Respectively in 2012, Hurst was ranked at #48 as one of the Best Dallas Suburbs according to D Magazine.

Demographics

2020 census

As of the 2020 United States census, there were 40,413 people, 14,340 households, and 9,556 families residing in the city.

2011
As of the census of 2011, there were 37,337 people, 14,652 households, and 10,261 families residing in the city. The population density was 3,662.6 people per square mile (1,414.7/km2). There were 15,761 housing units at an average density of 1,487.2 per square mile (574.4/km2). The racial makeup of the city was 63.7% White, 5.6% African American, 0.7% Native American, 2.3% Asian, 0.3% Pacific Islander, 7.20% from other races, and 1.93% from two or more races. Hispanic or Latino of any race were 24.1% of the population.

There were 14,652 households, out of which 33.5% had children under the age of 18 living with them, 57.2% were married couples living together, 11.6% had a female householder with no husband present, and 27.1% were non-families. 22.4% of all households were made up of individuals, and 7.2% had someone living alone who was 65 years of age or older. The average household size was 2.56 and the average family size was 2.99.

In the city, the population was spread out, with 25.5% under the age of 18, 8.3% from 18 to 24, 30.3% from 25 to 44, 23.6% from 45 to 64, and 12.4% who were 65 years of age or older. The median age was 37 years. For every 100 females, there were 94.6 males. For every 100 females age 18 and over, there were 91.2 males.

The median income for a household in the city was $50,369, and the median income for a family was $57,955. Males had a median income of $40,734 versus $29,551 for females. The per capita income for the city was $23,247. About 4.5% of families and 6.6% of the population were below the poverty line, including 10.4% of those under age 18 and 3.7% of those age 65 or over.

Places
Places in Hurst include North East Mall, an upscale mall owned by Indianapolis-based Simon Property Group, Rave Motion Pictures, which is the major attraction of the city, and Chisholm Park.

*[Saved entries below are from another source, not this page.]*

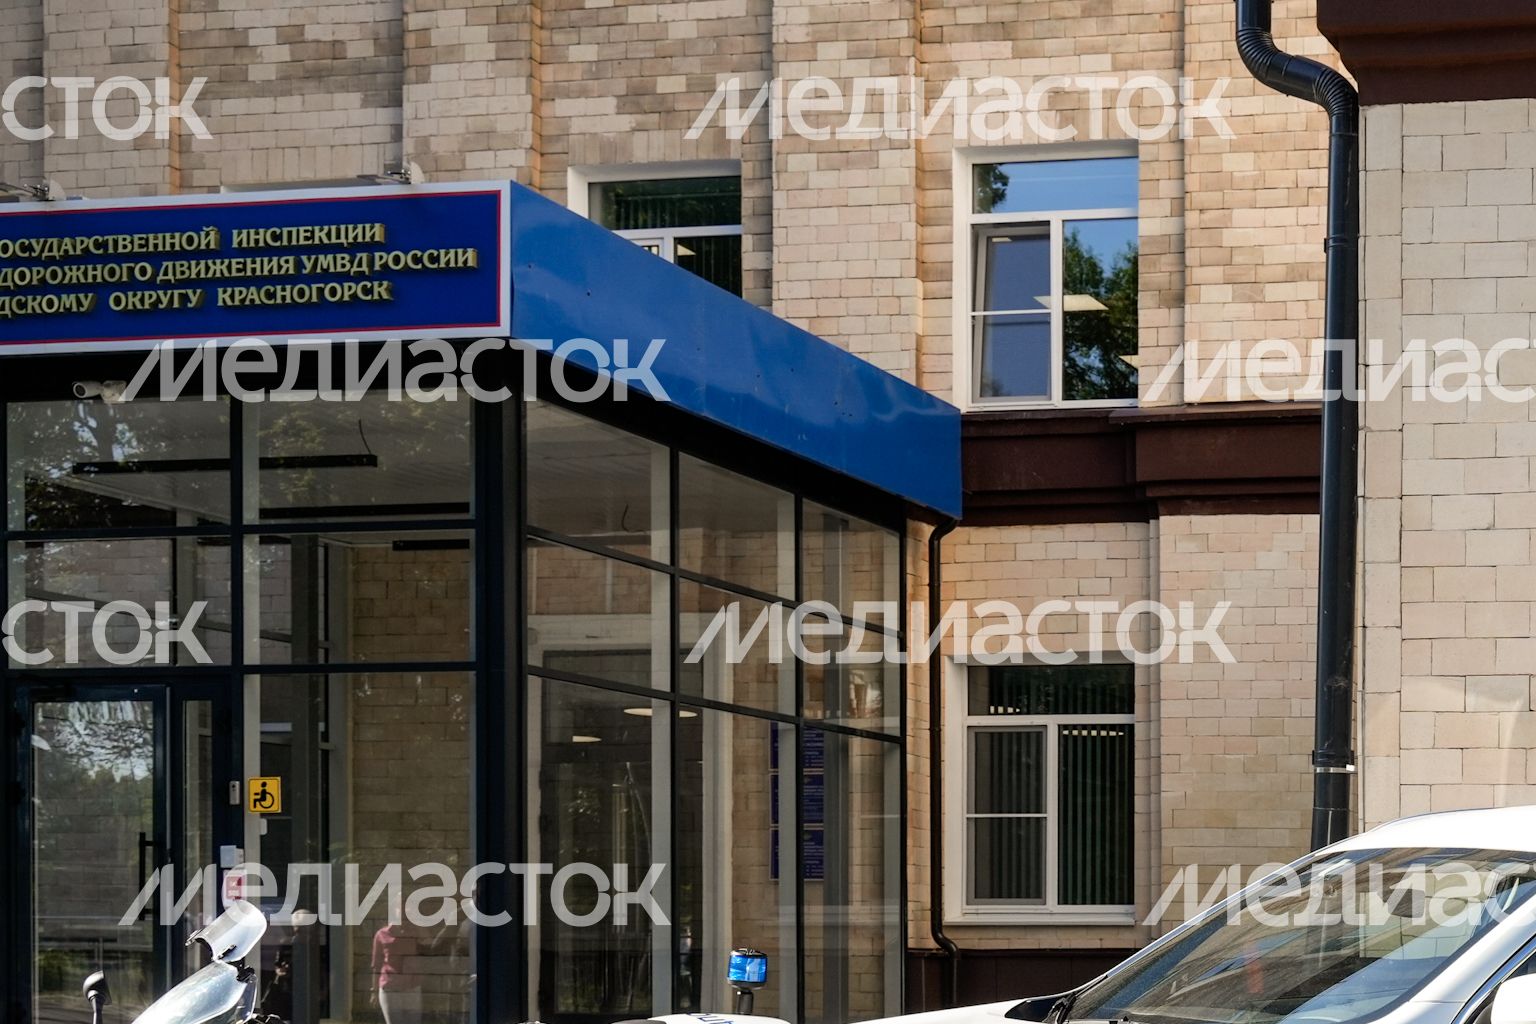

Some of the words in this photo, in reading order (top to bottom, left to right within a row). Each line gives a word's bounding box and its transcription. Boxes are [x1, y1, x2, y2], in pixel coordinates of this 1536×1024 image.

[0, 226, 219, 260] ОСУДАРСТВЕННОЙ
[232, 223, 385, 248] ИНСПЕКЦИИ
[0, 262, 152, 289] ДОРОЖНОГО
[157, 256, 296, 284] ДВИЖЕНИЯ
[301, 252, 372, 277] УМВД
[374, 248, 478, 271] РОССИИ
[109, 288, 203, 311] ОКРУГУ
[217, 280, 393, 307] КРАСНОГОРСК

The city features two city run water parks, an athletic center, and a wide variety of restaurants.

Surrounding municipalities

Government

Local government

Hurst runs on a city council – manager system. The city has a council of seven members, each serving 2-year terms. Three members are elected in odd years, four in even years.

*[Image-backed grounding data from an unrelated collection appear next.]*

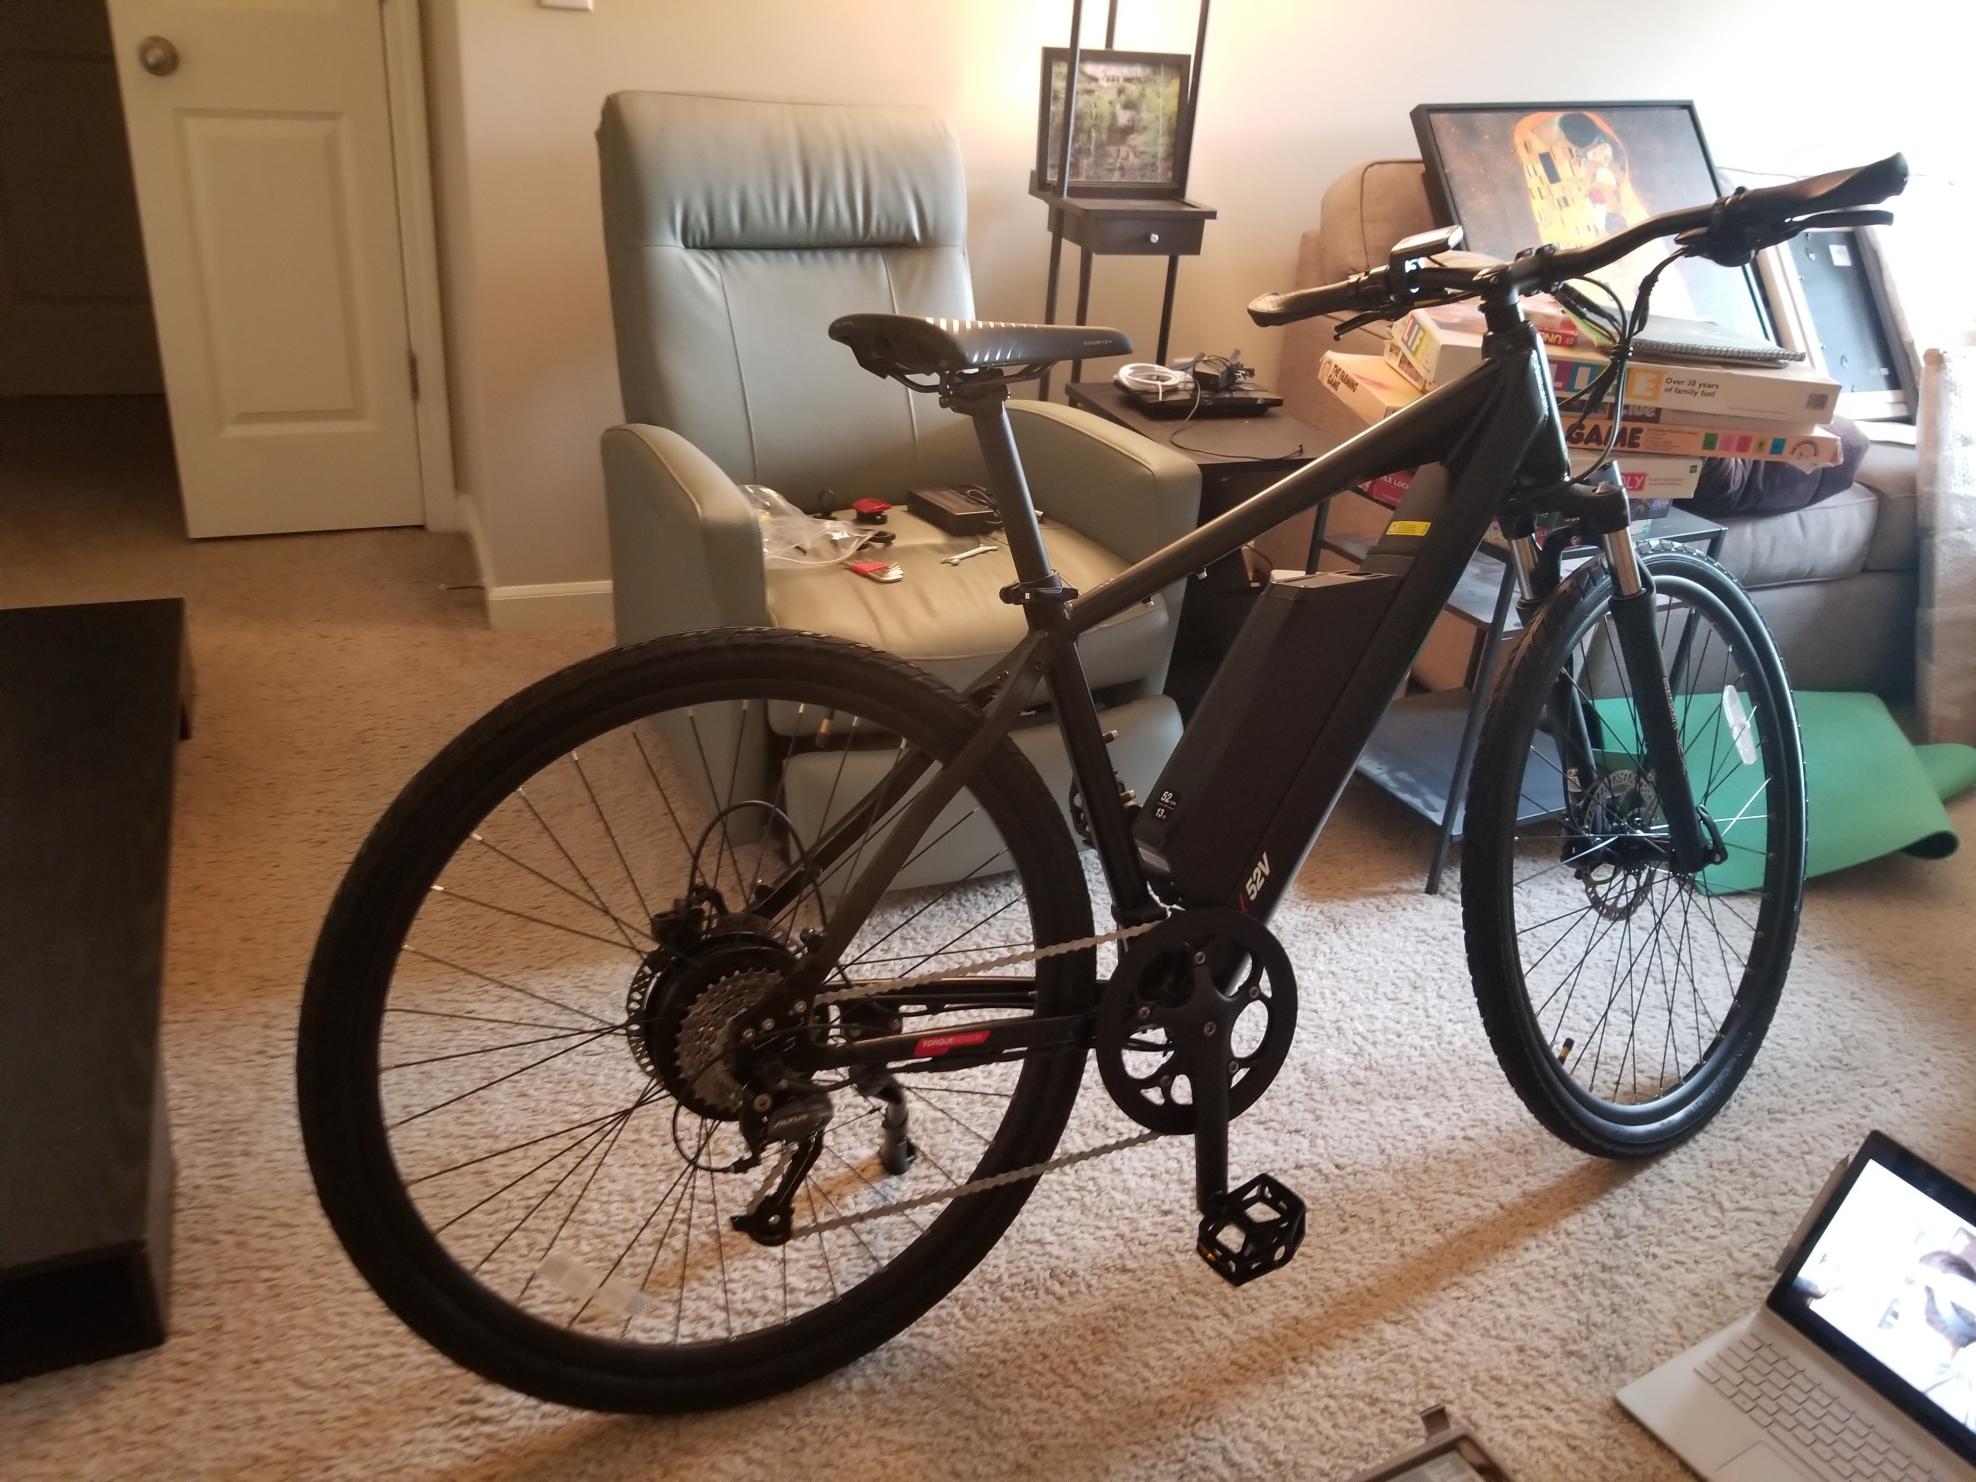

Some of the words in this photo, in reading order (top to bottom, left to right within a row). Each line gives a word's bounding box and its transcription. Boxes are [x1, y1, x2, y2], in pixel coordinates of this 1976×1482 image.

[1550, 362, 1659, 399] LIE
[1665, 377, 1686, 386] Over
[1698, 382, 1719, 390] years
[1674, 386, 1698, 398] family
[1700, 389, 1716, 398] fun!
[1565, 421, 1644, 448] GAME
[1160, 790, 1173, 803] 52
[1155, 807, 1165, 818] 13
[1245, 852, 1271, 901] 52V
[921, 1036, 954, 1048] TORQUE

The structure of the management and coordination of city services is:

The city of Hurst is a voluntary member  of the North Central Texas Council of Governments association, the purpose of which is to coordinate individual and collective local governments and facilitate regional solutions, eliminate unnecessary duplication, and enable joint decisions.

Economy

Top employers
According to Hurst's 2021 Annual Comprehensive Financial Report, the principal employers in the city are:

Education

Most of Hurst is within the boundaries of the Hurst-Euless-Bedford Independent School District. HEB ISD's Lawrence D. Bell High School is the only high school in the city and serves more than 2,100 students. Smaller portions of Hurst are within the boundaries of Birdville ISD, Grapevine-Colleyville ISD, and Keller ISD.

Sections in GCISD are zoned to: Bransford Elementary School, Colleyville Middle School, and Grapevine High School.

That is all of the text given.